Ze had veel gezien en overleefd en was een grote sterke vis geworden.
‘Zeeanemoon,’ riep ze, ‘waar is de heremietkreeft?’
‘Hier,’ antwoordde de heremietkreeft.
‘O, u woont samen,’ zei Eva beteuterd.
‘Men heeft elkaar nodig,’ sprak de heremietkreeft afgemeten, ‘wat wil je weten?’
Eva de mor-aal stelde haar vragen. ‘Wat is de zin van de zee? Waarom zei mijn moeder mor, mor, mor?’
‘Wat is de zin van zoeken naar de zee als je er al in zwemt?’ repliceerde de heremietkreeft. ‘Wat is je naam?’
‘Eva de mor-aal,’ zei ze.
‘Het antwoord op je vragen ligt in eenieder besloten. Zwem wel, kleine mor-aal,’ besloot de heremietkreeft en draaide zich om.

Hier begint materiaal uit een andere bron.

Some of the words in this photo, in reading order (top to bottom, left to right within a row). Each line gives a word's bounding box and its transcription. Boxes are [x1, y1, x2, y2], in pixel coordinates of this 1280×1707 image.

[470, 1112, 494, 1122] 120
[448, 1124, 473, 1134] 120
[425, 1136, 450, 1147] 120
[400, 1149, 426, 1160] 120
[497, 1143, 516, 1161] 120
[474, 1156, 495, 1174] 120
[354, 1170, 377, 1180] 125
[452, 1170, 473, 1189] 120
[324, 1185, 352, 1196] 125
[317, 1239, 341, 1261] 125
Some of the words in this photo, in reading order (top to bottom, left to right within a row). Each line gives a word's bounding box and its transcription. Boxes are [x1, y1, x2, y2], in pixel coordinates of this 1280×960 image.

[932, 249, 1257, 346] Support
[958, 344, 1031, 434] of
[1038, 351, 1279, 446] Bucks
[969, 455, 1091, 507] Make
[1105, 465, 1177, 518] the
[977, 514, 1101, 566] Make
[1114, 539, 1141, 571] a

Eva de mor-aal zwom boos weg.
‘Wat een onzin,’ dacht ze, ‘alsof de zin van het stellen van vragen, het stellen van vragen is en niet de antwoorden. Zei mijn moeder mor, mor, mor? Ik zal kuit schieten, met meer te morren zal beter zijn.’

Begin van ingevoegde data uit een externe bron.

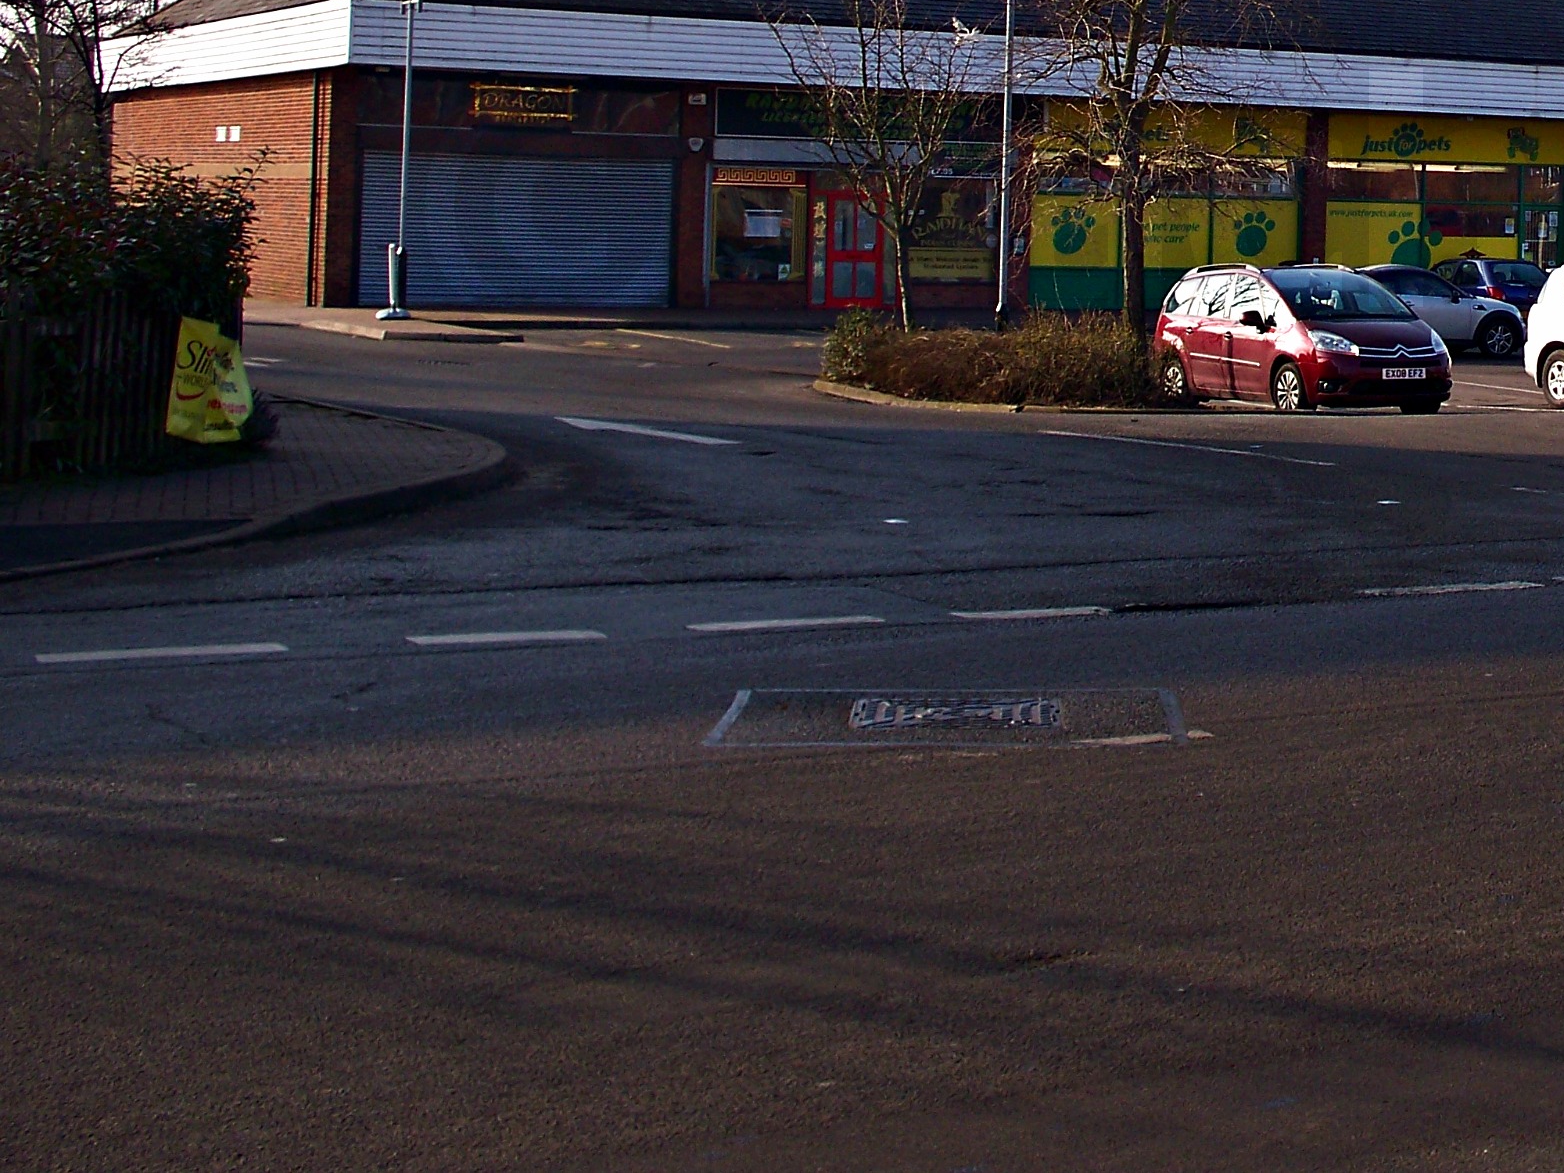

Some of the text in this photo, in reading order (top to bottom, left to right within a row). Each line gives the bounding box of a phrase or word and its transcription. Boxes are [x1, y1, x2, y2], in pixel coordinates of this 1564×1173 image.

[482, 92, 564, 109] DRAGON
[1360, 134, 1451, 155] just for pets
[1385, 369, 1406, 377] EX08

Haar laatste woorden voor de jonge vissen, voordat ook zij wegzwom, waren: ‘Het heeft zin om te zoeken!’
Zo komt het dat daar waar onlusten uitbreken, meer mor-aaltjes dan vroeger opduiken, fuiken kapotbijten, nieuws verspreiden en haai-formaties waar dan ook aanklagen, en hoog en laag zwemmen om te zoeken naar de zin van de zee.